La muralista María Gomes convierte el palomar de Alcobendas en un libro de cuentos

Como en un libro de cuentos efímeros, la muralista María Gómez-Carreño Infantes (María Gomes) interviene sobre las ruinas de adobe del palomar de Alcobendas, recuperando las historias de los que allí habitaron.

Como en un libro de cuentos efímeros, la muralista María Gómez-Carreño Infantes (María Gomes) interviene sobre las ruinas de adobe del palomar de Alcobendas, recuperando las historias de los que allí habitaron.

El mundo rural ha sido para muchos urbanitas poco más que las ruinas que se ven desde la autopista en mitad de los cultivos. Un concepto romántico del “pueblo” como Edén irrecuperable, algo parecido a esas bucólicas ruinas artificiales que poblaban los jardines imaginados por Rousseau. Mirando para otro lado, mientras retornaba a la tierra y al olvido, hacían buena la sentencia campesina de “A palomar caído, por demás es echarle trigo” recogida por quien cambió las “modestas faldas de Cecilia por los castizos calzones de Fernán Caballero”, en esa bella metáfora de la escritora costumbrista, monárquica y católica que se escondió tras el nombre de la población manchega para poder ejercer su condición de mujer escritora.

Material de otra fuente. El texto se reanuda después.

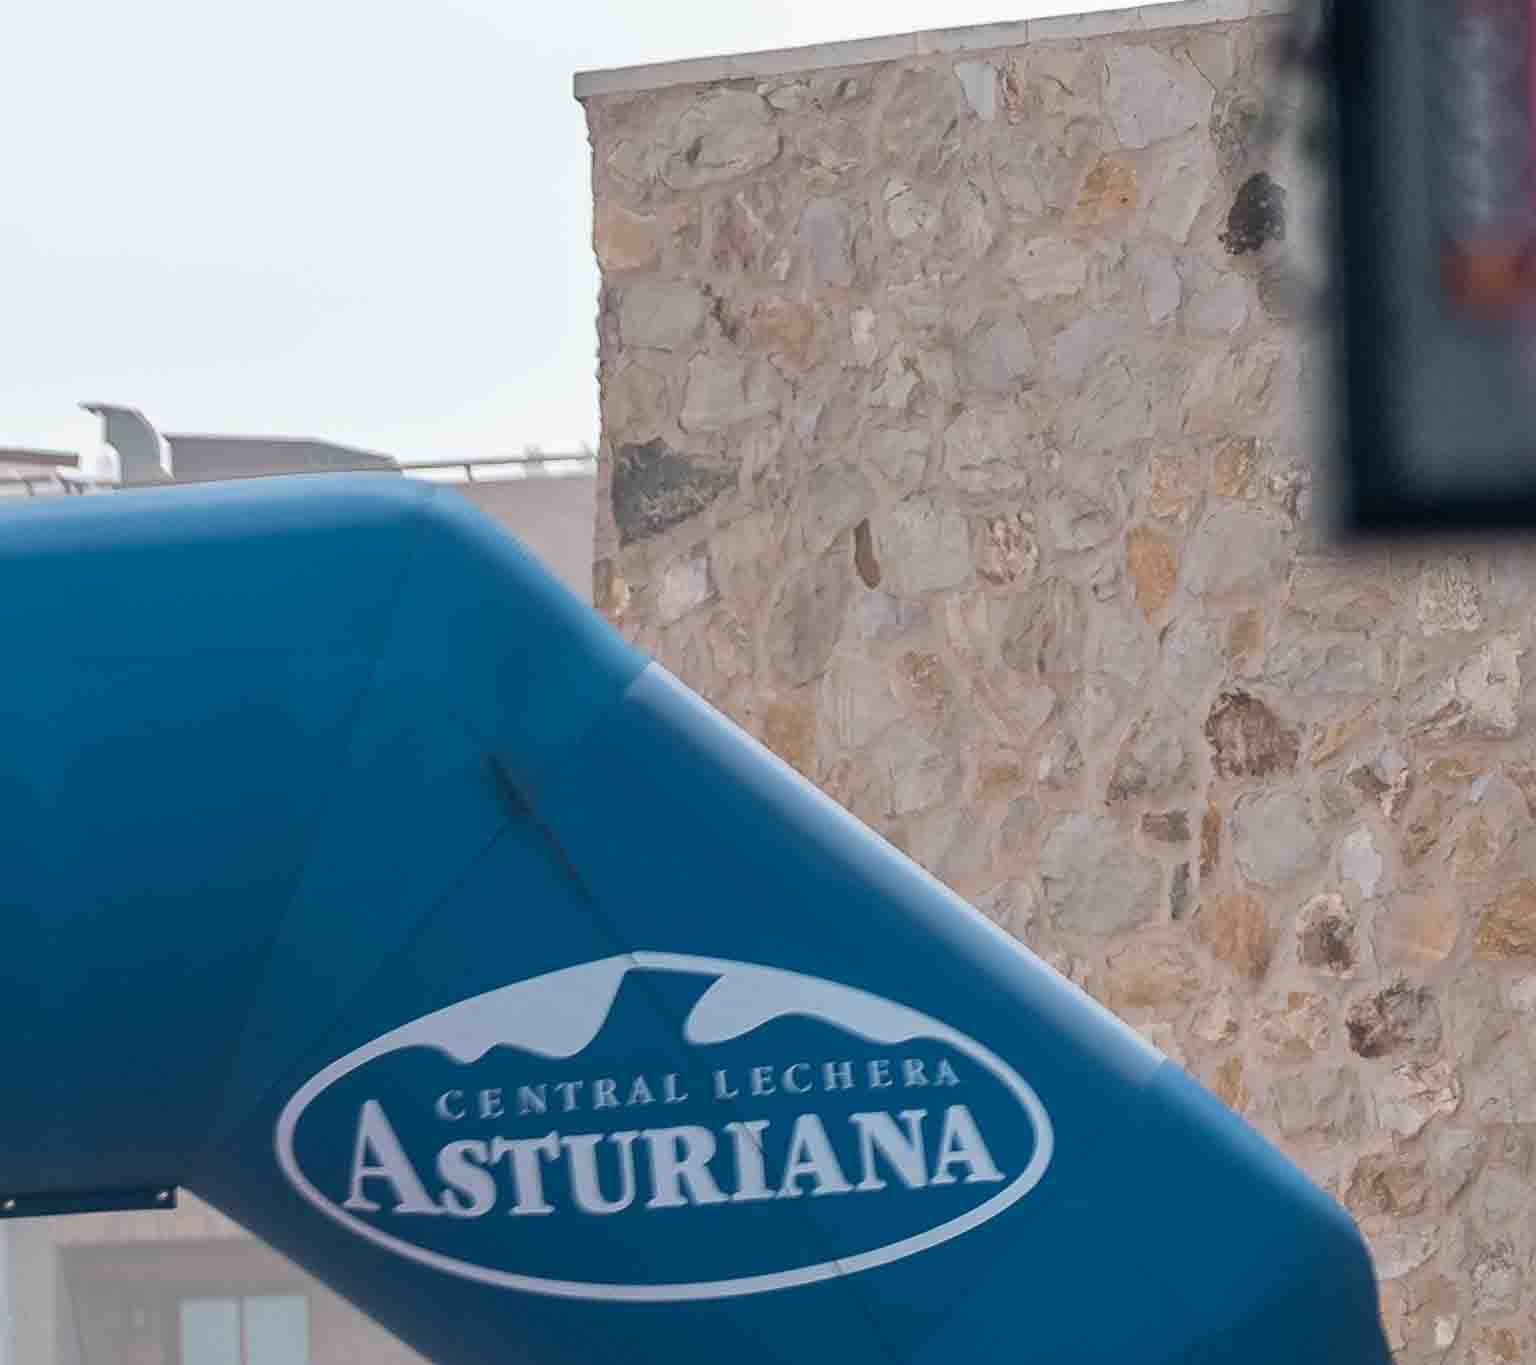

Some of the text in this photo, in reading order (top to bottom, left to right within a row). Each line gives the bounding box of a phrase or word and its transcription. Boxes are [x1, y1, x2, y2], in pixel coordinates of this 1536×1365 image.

Palomares cuyos corazones de barro dejaron de latir al cambiar los usos de la tierra y que, carentes de uso y faltos de cebo se quedaron sin palomas. Convertidos en símbolos de un tiempo, algunos de ellos se han recuperado en la Castilla del Norte como reclamo identitario y turístico, pero la mayoría avanzan entre el relente, el frío y los versos del poeta, a fundirse con la tierra de la que surgieron sus adobes.

Antes de que llegue ese día, nuevas miradas se posan en ellos, una nueva generación de artistas y creadores retorna la mirada a la tierra, al pueblo, a la rama de encina y al palomar caído, construyendo imágenes de una potencia desgarradora. Tal es el caso de María Gómez-Carreño Infantes con su intervención efímera ‘La ruina del recuerdo’ en el palomar de Alcobendas, cerca de Madridejos (Toledo).

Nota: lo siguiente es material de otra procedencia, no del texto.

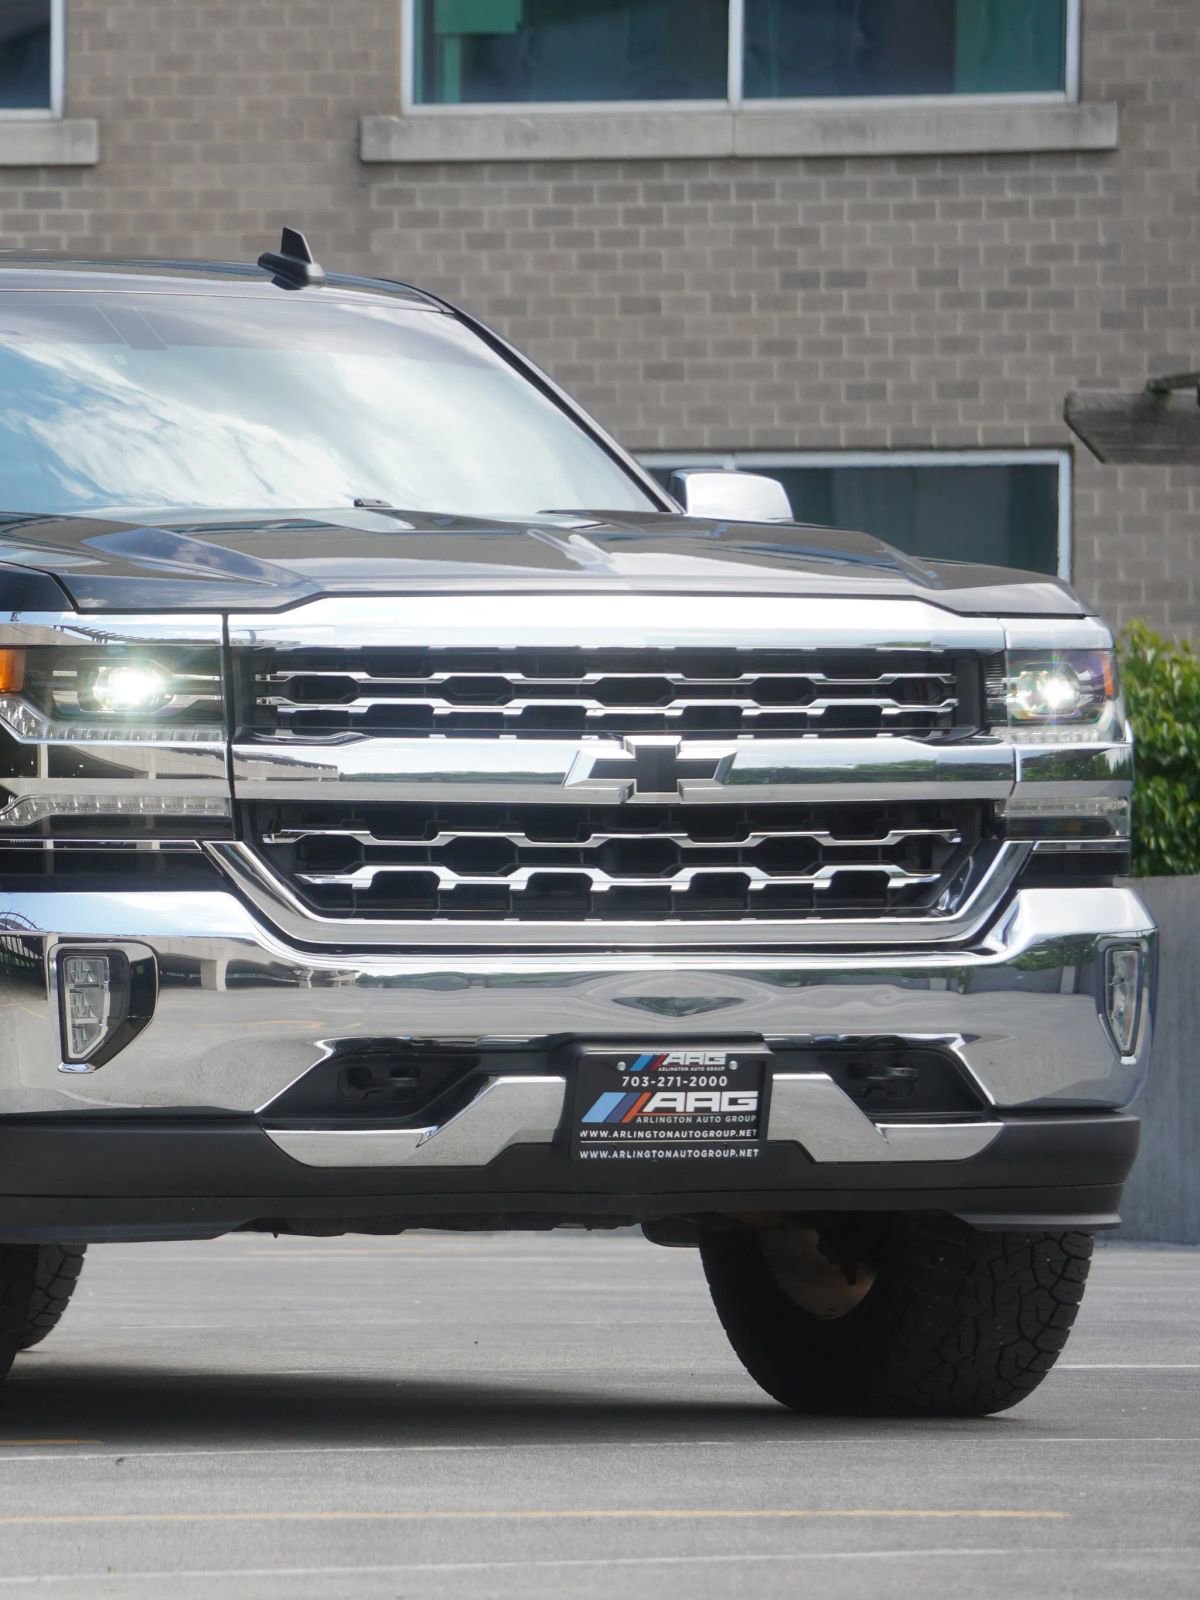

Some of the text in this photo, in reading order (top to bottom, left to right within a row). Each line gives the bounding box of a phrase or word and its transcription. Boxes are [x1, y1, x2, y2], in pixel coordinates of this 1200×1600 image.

[661, 1053, 727, 1066] AAG
[621, 1075, 728, 1087] 703-271-2000
[642, 1090, 759, 1113] AAG
[636, 1116, 692, 1124] ARLINGTON
[725, 1115, 757, 1123] GROUP
[579, 1129, 757, 1139] WWW.ARLINGTONAUTOGROUP.NET
[579, 1149, 760, 1159] WWW.ARLINGTONAUTOGROUP.NET

Como bellamente analizan los arquitectos Carmen Mota y Jaime Gómez Maroto, el palomar “emerge como guardián del recuerdo, el último testimonio presente de lo que un día fue no solo ella misma, sino todo su contexto físico y etnográfico. La última bocanada de una arquitectura (que) es el reflejo de la sociedad a la que sirvió”.

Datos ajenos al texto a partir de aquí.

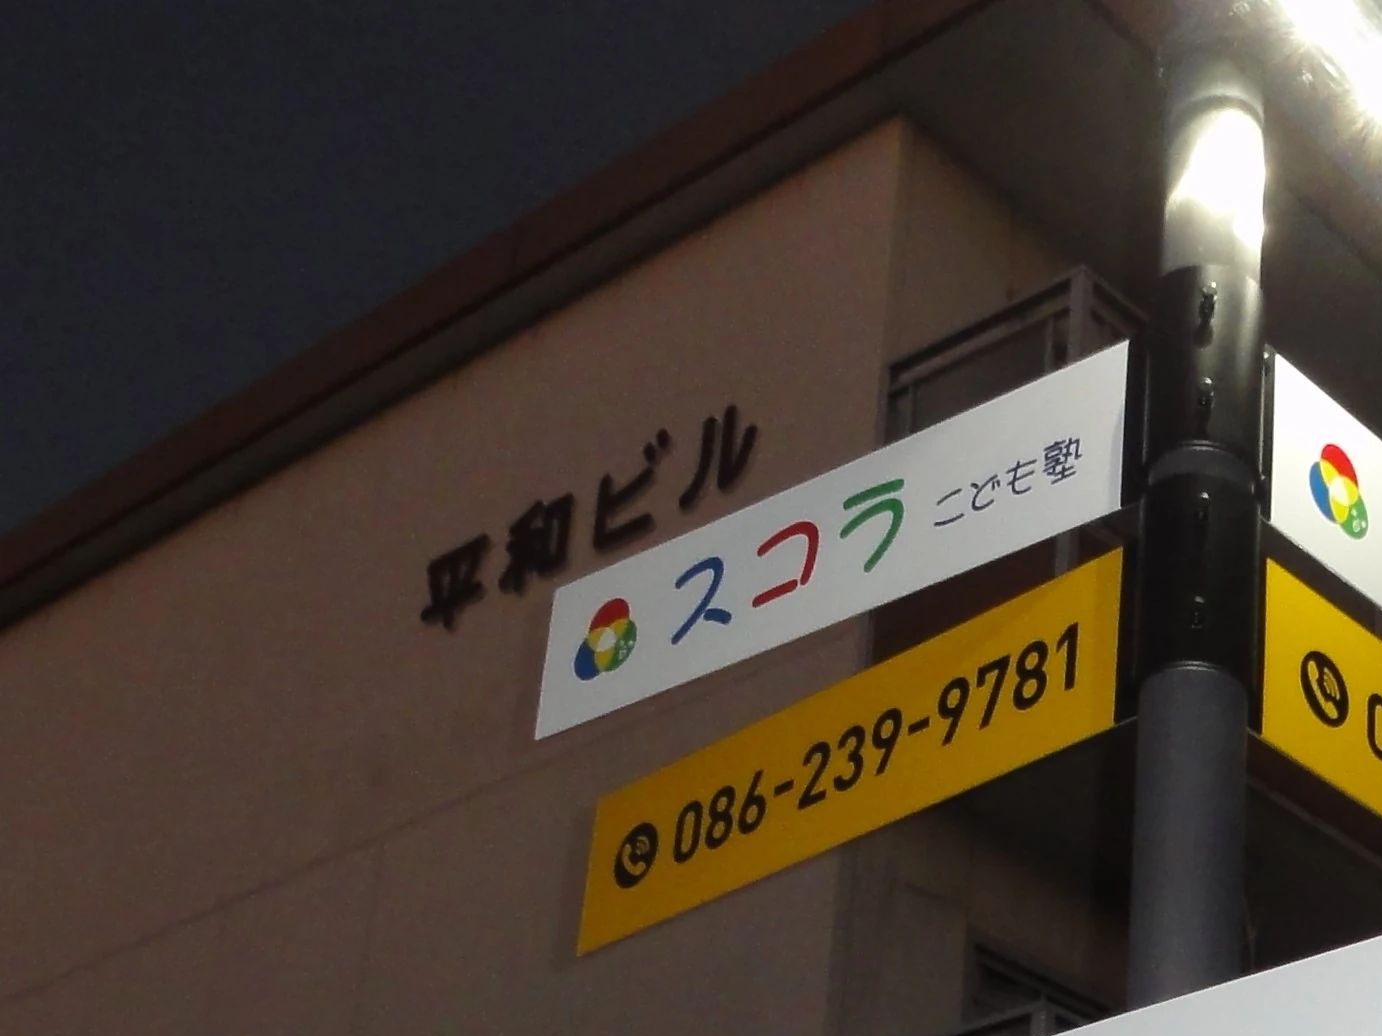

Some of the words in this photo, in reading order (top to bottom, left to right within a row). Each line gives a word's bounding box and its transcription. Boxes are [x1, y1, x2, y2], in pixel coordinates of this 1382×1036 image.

[420, 404, 758, 632] 平和ビル
[670, 478, 905, 644] スコラ
[934, 437, 1082, 527] こども塾
[672, 622, 1080, 863] 086-239-9781

Probablemente, de esa intervención de hoy, en apenas unos meses, sólo quede el recuerdo de las fotografías y las potentes figuras de María Gómez-Carreño se hayan fundido con los ecos del pasado que narraban, siendo a su vez, parte del eterno fluir de los seres humanos sobre la Tierra. Bello poema efímero que “el viento amasa”, retornando una vez más al verso de Héctor Castrillejo.

La muralista convierte el palomar de Alcobendas en un maravilloso libro de cuentos. Sobre sus paredes renacen las noches a la intemperie, los paseos infantiles con su padre, las historias de sus abuelas, pero también lo callado y lo enmudecido que en sus lienzos de adobe agonizante todavía muestran un último hálito de vida. Murales de una potencia ensordecedora que habitan un tiempo suspendido entre dos fugacidades mortales, el pasado recreado y el presente pandémico. Heredera del pasado y del presente, al que hace algún que otro guiño, pues no se trata de habitar el pretérito, sino de construir nuevas identidades rurales.

En sus paredes re-habitaron por un tiempo los seres que un día poblaron este pequeño complejo agrícola nacido en torno al pozo. Micro-universo de palomares, cuadras, eras y viviendas que las gentes habitaban en tiempos de faenas agrícolas. Arcadia dura y pobre que evocamos como feliz bajo el cielo estrellado porque con la lejanía dejamos de oír el rugir de las tripas y el dolor en los huesos. Mujeres aseándose en una palangana, norias girando, conversaciones entre comadres o palomas que vuelven a salir de sus columbarios.

María retorna el paisaje de la infancia, cuando ya todo era ruina, para evocar las historias narradas por la abuela. En su memoria, la vida cotidiana del palomar es sólo un cuento lejano, pero como las generaciones que la precedieron siente la necesidad de transmitir esas historias heredadas. Ese pálpito eterno que se refugia en la memoria heredada de un mundo rural que ha sentido durante mucho tiempo vergüenza de sí mismo y que necesitaba de esta nueva generación de creadores para remover sin pudor los rescoldos. María pinta.